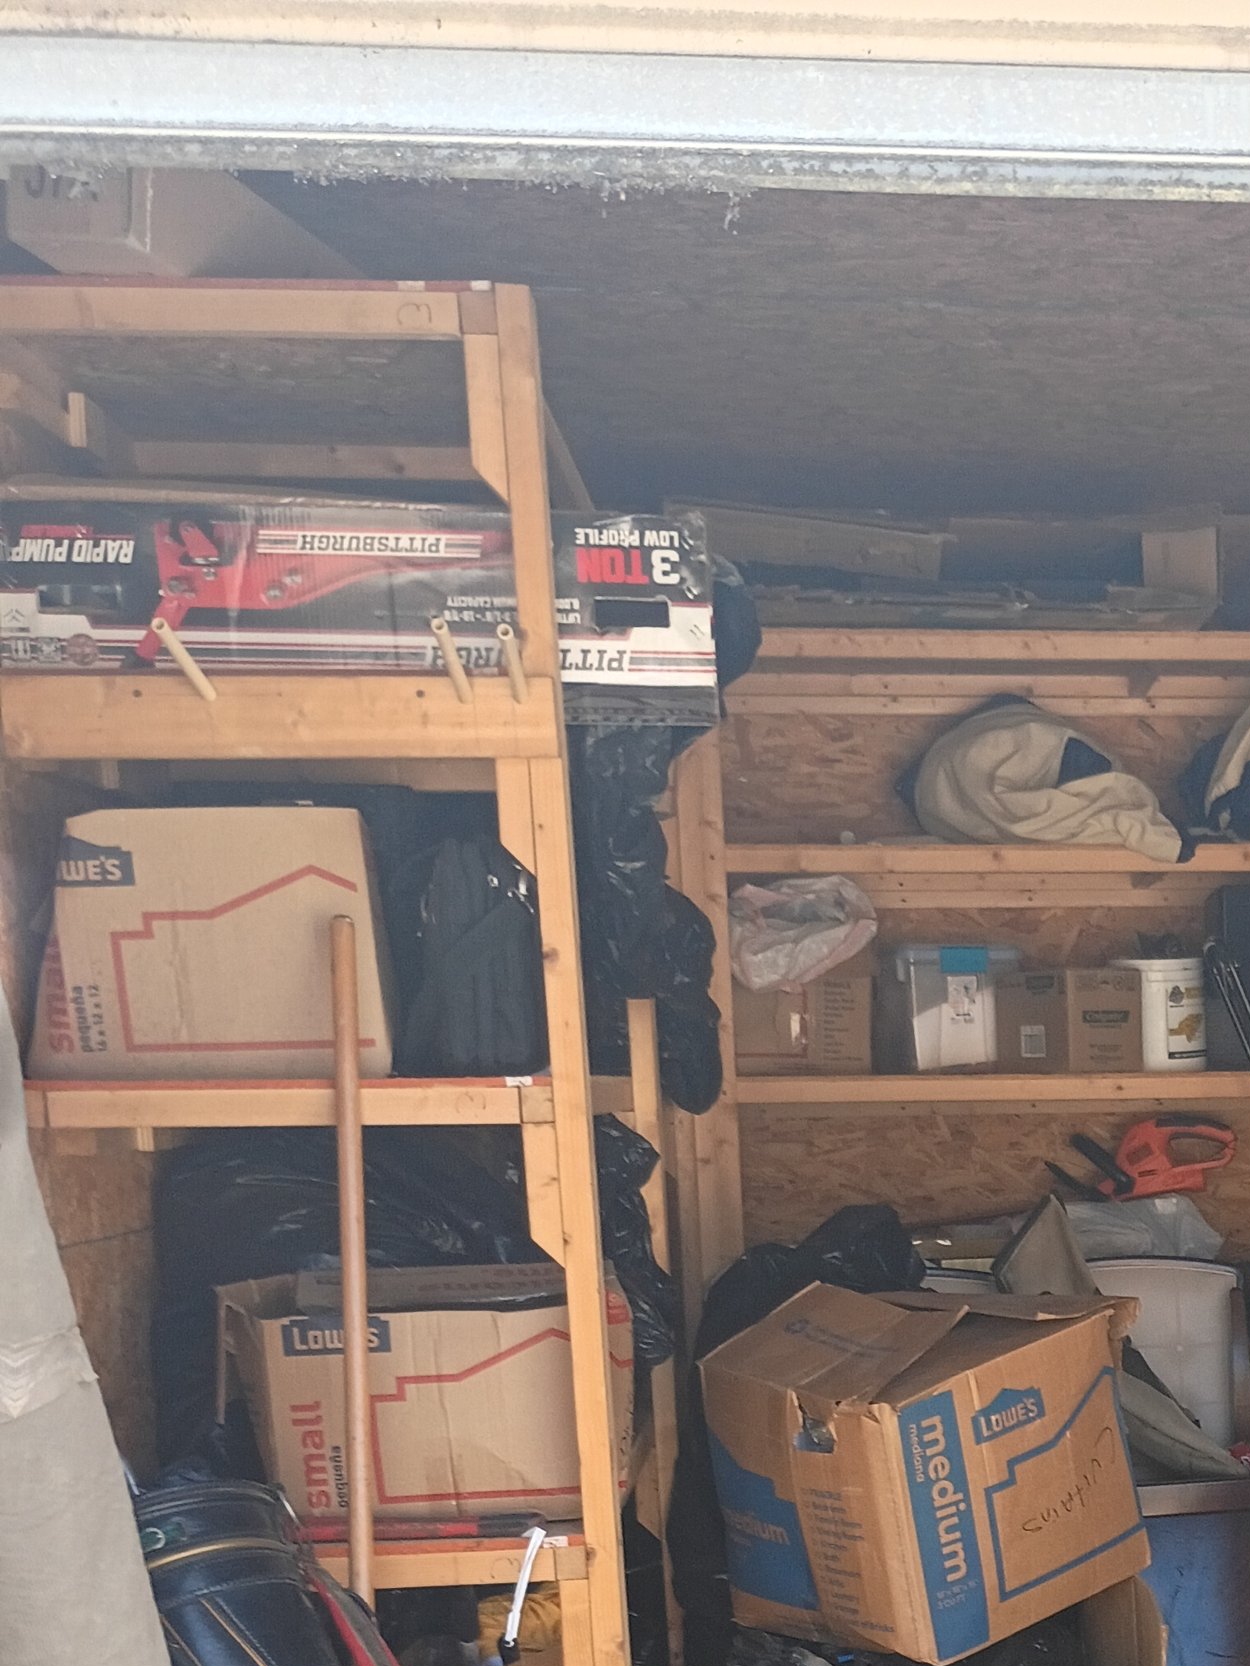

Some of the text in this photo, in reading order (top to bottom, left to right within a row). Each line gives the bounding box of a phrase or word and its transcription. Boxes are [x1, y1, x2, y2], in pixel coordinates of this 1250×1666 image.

[11, 537, 135, 563] RAPID PUMP
[298, 533, 444, 555] PITTSBURGH
[574, 527, 679, 548] LOW PROFILE
[575, 547, 680, 585] 3 TON
[980, 1398, 1038, 1438] LOWE'S
[289, 1401, 330, 1509] small
[908, 1424, 926, 1483] mediana
[921, 1415, 968, 1583] medium

:: Required work ::
Reproduce every entry word for word, but omit the pictures.

:: Task output ::
Some of the text in this photo, in reading order (top to bottom, left to right within a row). Each line gives the bounding box of a phrase or word and its transcription. Boxes are [x1, y1, x2, y2], in pixel coordinates of this 1250×1666 image.

[11, 537, 135, 563] RAPID PUMP
[298, 533, 444, 555] PITTSBURGH
[574, 527, 679, 548] LOW PROFILE
[575, 547, 680, 585] 3 TON
[980, 1398, 1038, 1438] LOWE'S
[289, 1401, 330, 1509] small
[908, 1424, 926, 1483] mediana
[921, 1415, 968, 1583] medium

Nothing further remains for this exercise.